• [What you have to do]:
Word for word, copy the data that follows and skip its pictures.

*** Begin section ***

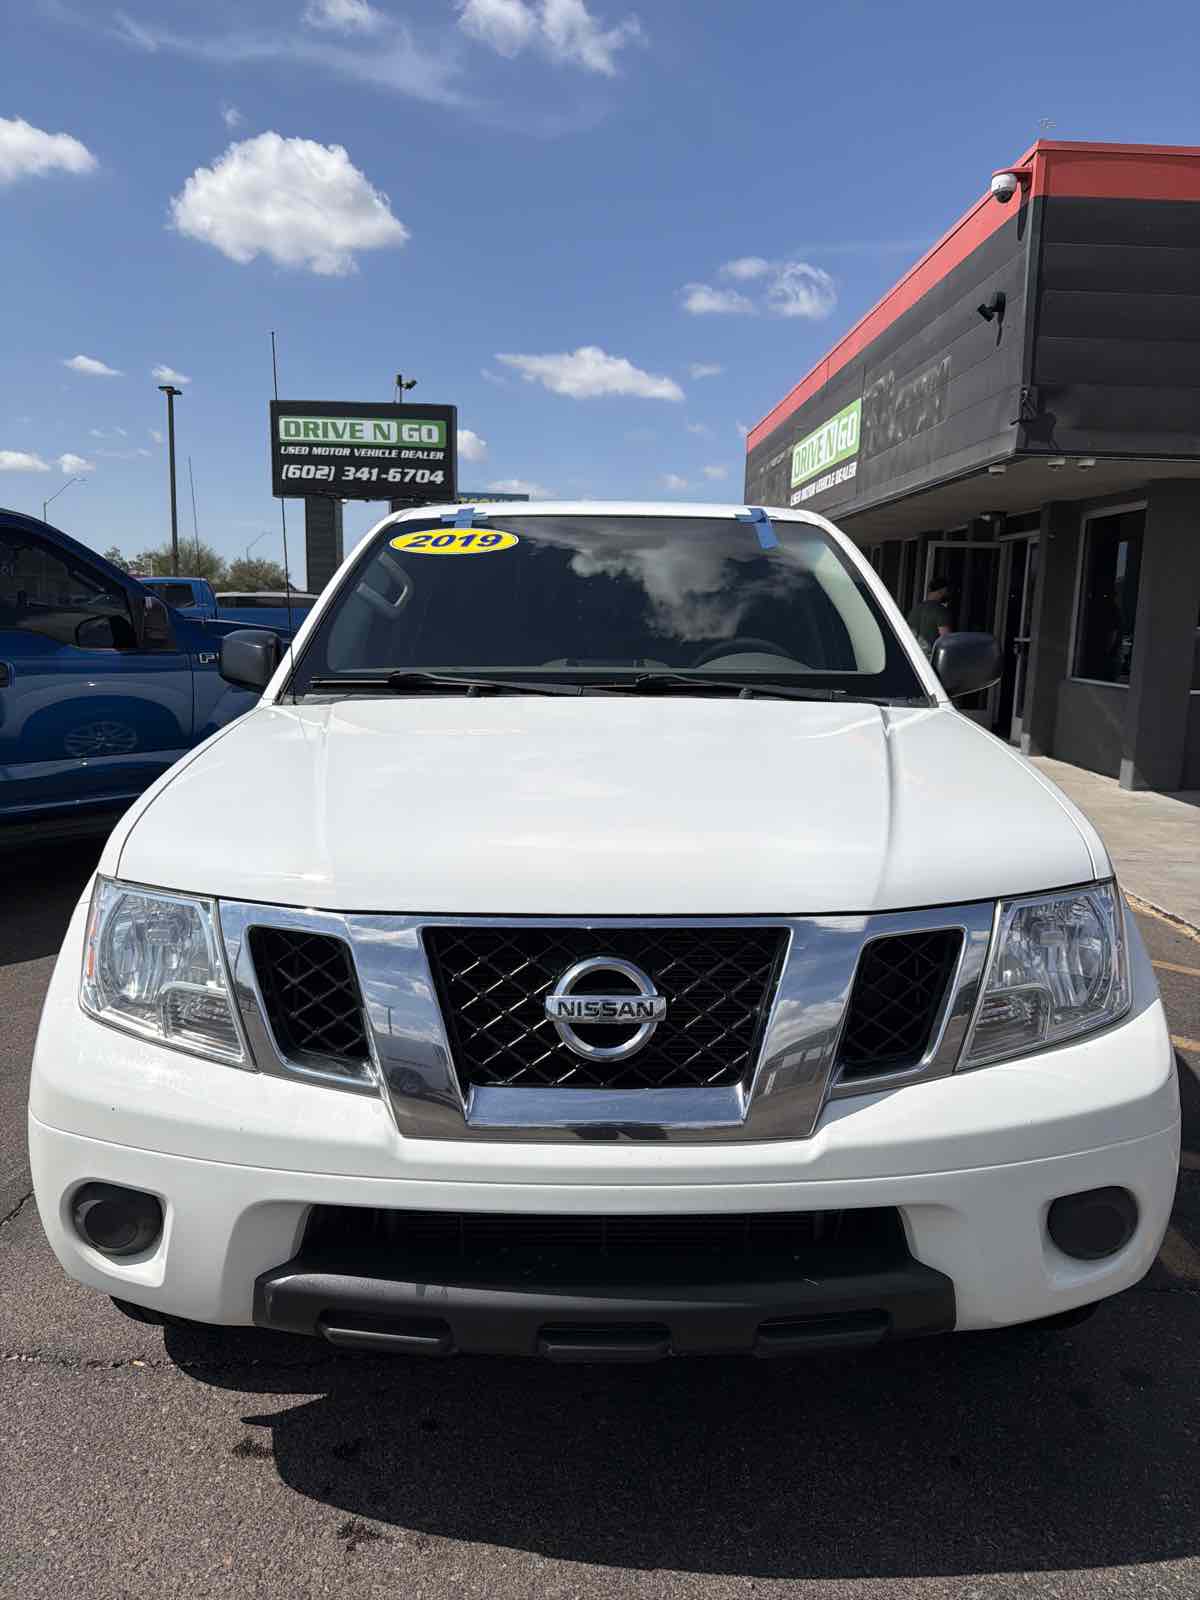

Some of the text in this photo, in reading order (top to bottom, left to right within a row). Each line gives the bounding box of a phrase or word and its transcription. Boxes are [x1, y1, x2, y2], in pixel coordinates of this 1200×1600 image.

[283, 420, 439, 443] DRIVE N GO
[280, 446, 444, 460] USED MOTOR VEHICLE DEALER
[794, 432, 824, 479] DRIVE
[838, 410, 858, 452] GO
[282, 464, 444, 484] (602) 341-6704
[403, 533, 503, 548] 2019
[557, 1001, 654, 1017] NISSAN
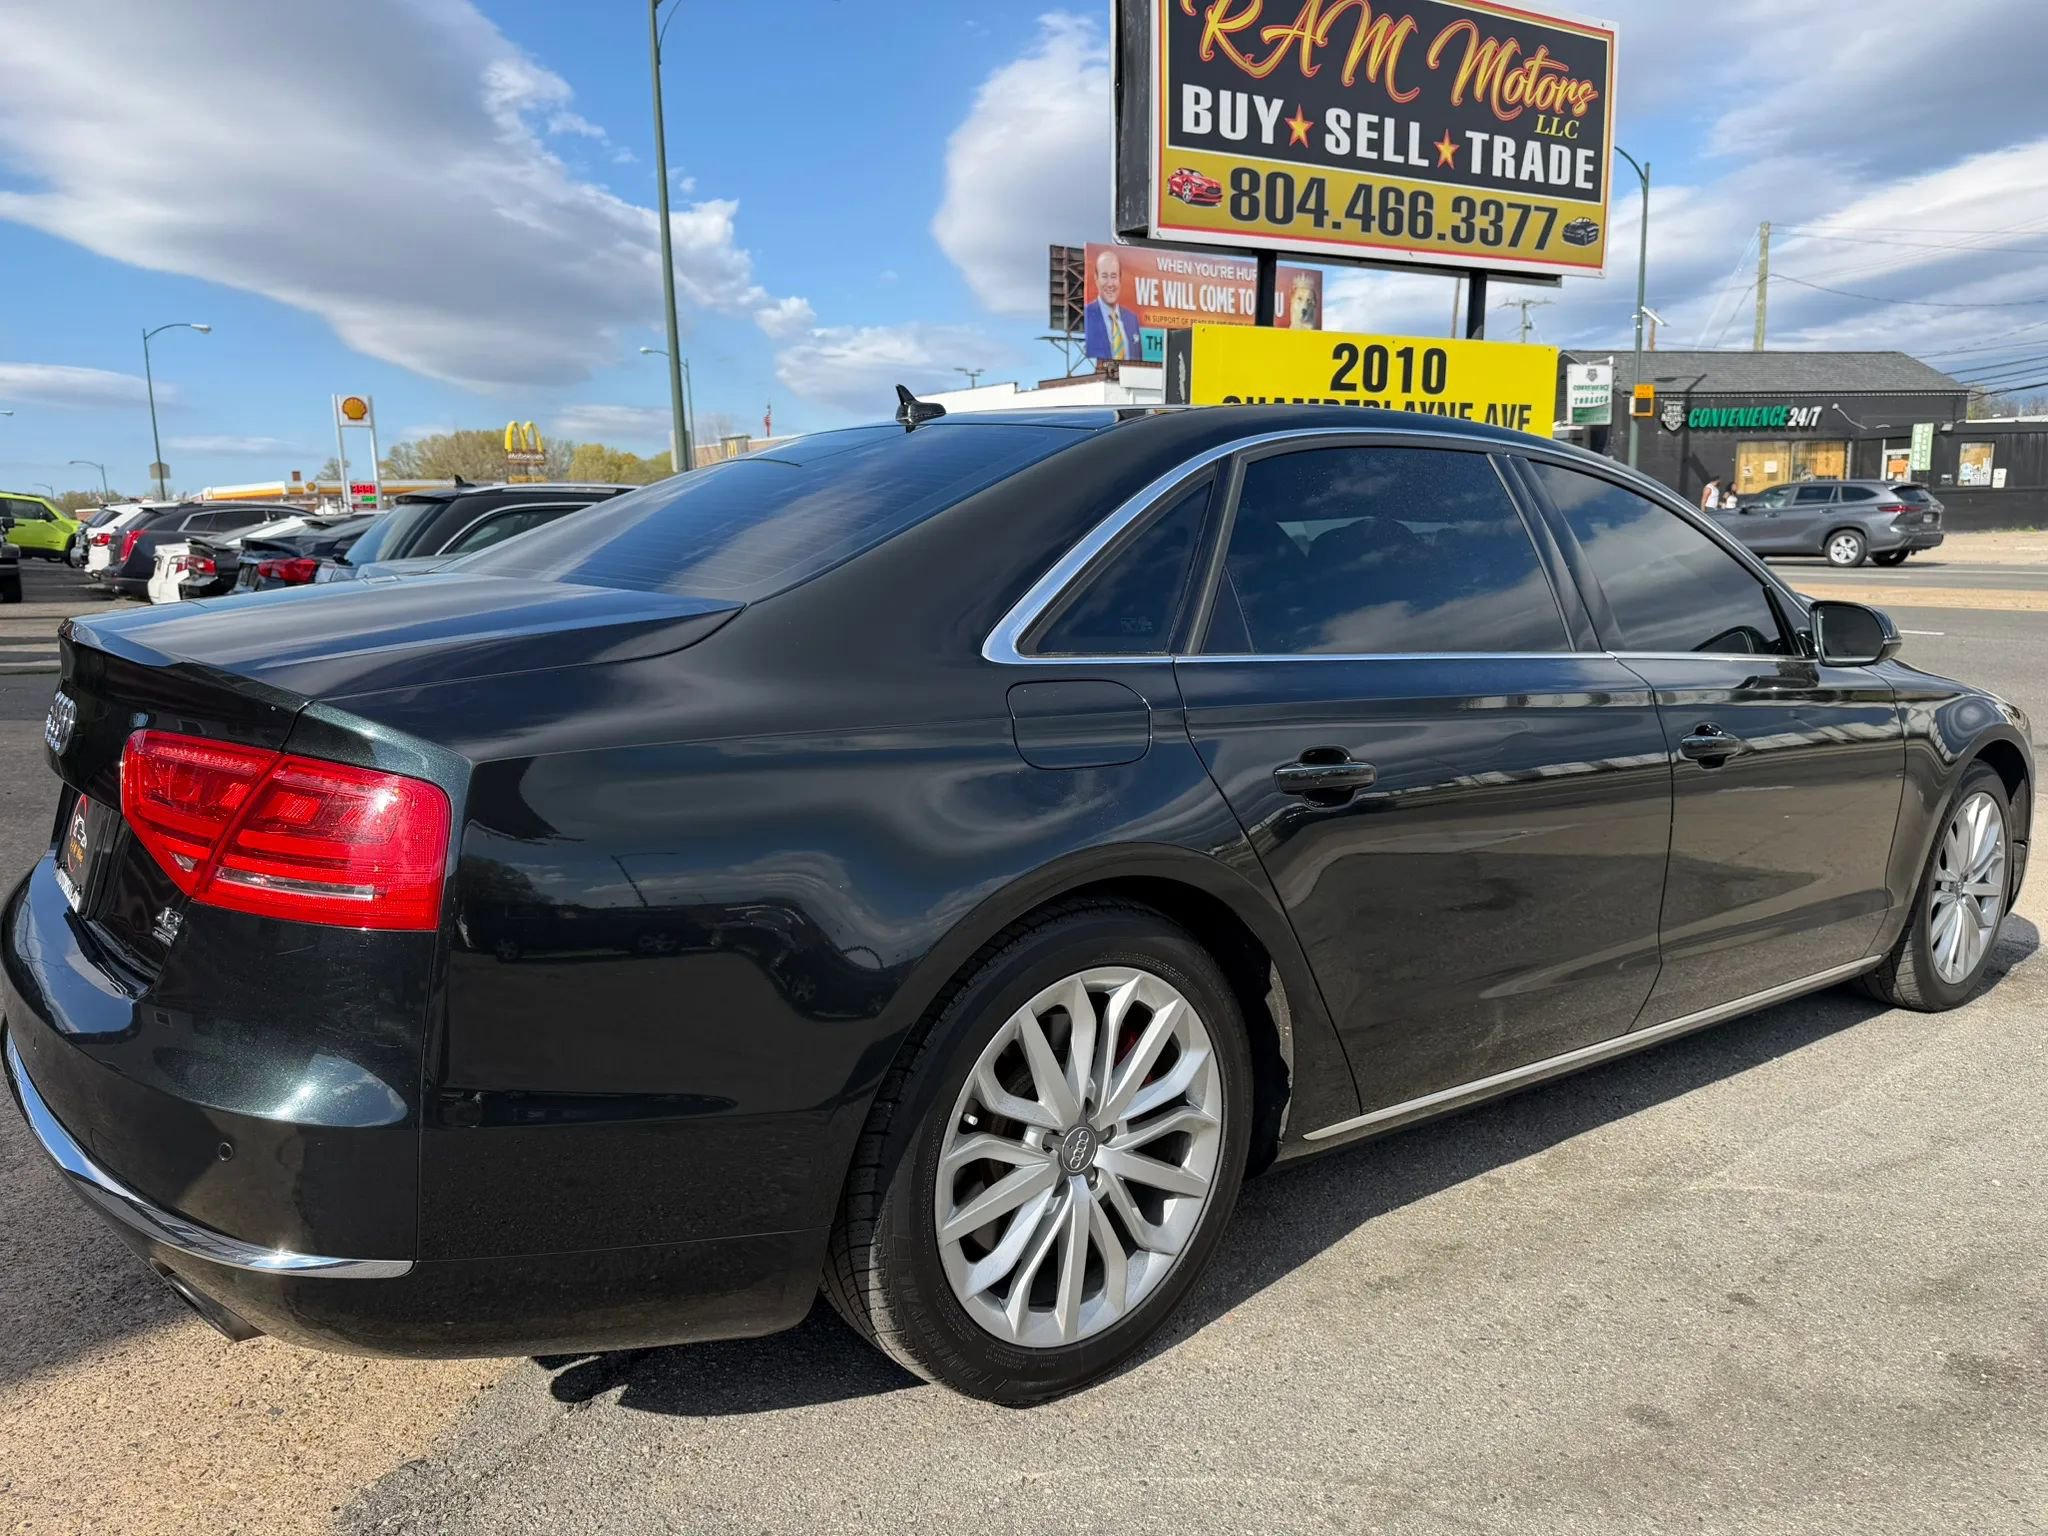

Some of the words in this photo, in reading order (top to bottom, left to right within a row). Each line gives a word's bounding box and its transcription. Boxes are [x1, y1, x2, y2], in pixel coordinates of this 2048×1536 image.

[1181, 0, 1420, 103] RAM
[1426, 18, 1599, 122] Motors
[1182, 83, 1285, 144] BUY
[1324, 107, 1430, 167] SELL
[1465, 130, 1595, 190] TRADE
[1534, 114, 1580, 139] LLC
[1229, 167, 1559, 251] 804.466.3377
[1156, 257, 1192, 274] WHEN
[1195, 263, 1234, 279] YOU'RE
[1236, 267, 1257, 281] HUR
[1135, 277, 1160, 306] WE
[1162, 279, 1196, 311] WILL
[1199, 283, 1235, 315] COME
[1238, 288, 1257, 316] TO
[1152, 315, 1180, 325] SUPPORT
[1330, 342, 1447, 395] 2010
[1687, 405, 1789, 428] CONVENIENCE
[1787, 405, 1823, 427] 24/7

*** End section ***

• [Your response]:
Some of the text in this photo, in reading order (top to bottom, left to right within a row). Each line gives the bounding box of a phrase or word and its transcription. Boxes are [x1, y1, x2, y2], in pixel coordinates of this 1200×1600 image.

[283, 420, 439, 443] DRIVE N GO
[280, 446, 444, 460] USED MOTOR VEHICLE DEALER
[794, 432, 824, 479] DRIVE
[838, 410, 858, 452] GO
[282, 464, 444, 484] (602) 341-6704
[403, 533, 503, 548] 2019
[557, 1001, 654, 1017] NISSAN

Some of the words in this photo, in reading order (top to bottom, left to right within a row). Each line gives a word's bounding box and its transcription. Boxes are [x1, y1, x2, y2], in pixel coordinates of this 2048×1536 image.

[1181, 0, 1420, 103] RAM
[1426, 18, 1599, 122] Motors
[1182, 83, 1285, 144] BUY
[1324, 107, 1430, 167] SELL
[1465, 130, 1595, 190] TRADE
[1534, 114, 1580, 139] LLC
[1229, 167, 1559, 251] 804.466.3377
[1156, 257, 1192, 274] WHEN
[1195, 263, 1234, 279] YOU'RE
[1236, 267, 1257, 281] HUR
[1135, 277, 1160, 306] WE
[1162, 279, 1196, 311] WILL
[1199, 283, 1235, 315] COME
[1238, 288, 1257, 316] TO
[1152, 315, 1180, 325] SUPPORT
[1330, 342, 1447, 395] 2010
[1687, 405, 1789, 428] CONVENIENCE
[1787, 405, 1823, 427] 24/7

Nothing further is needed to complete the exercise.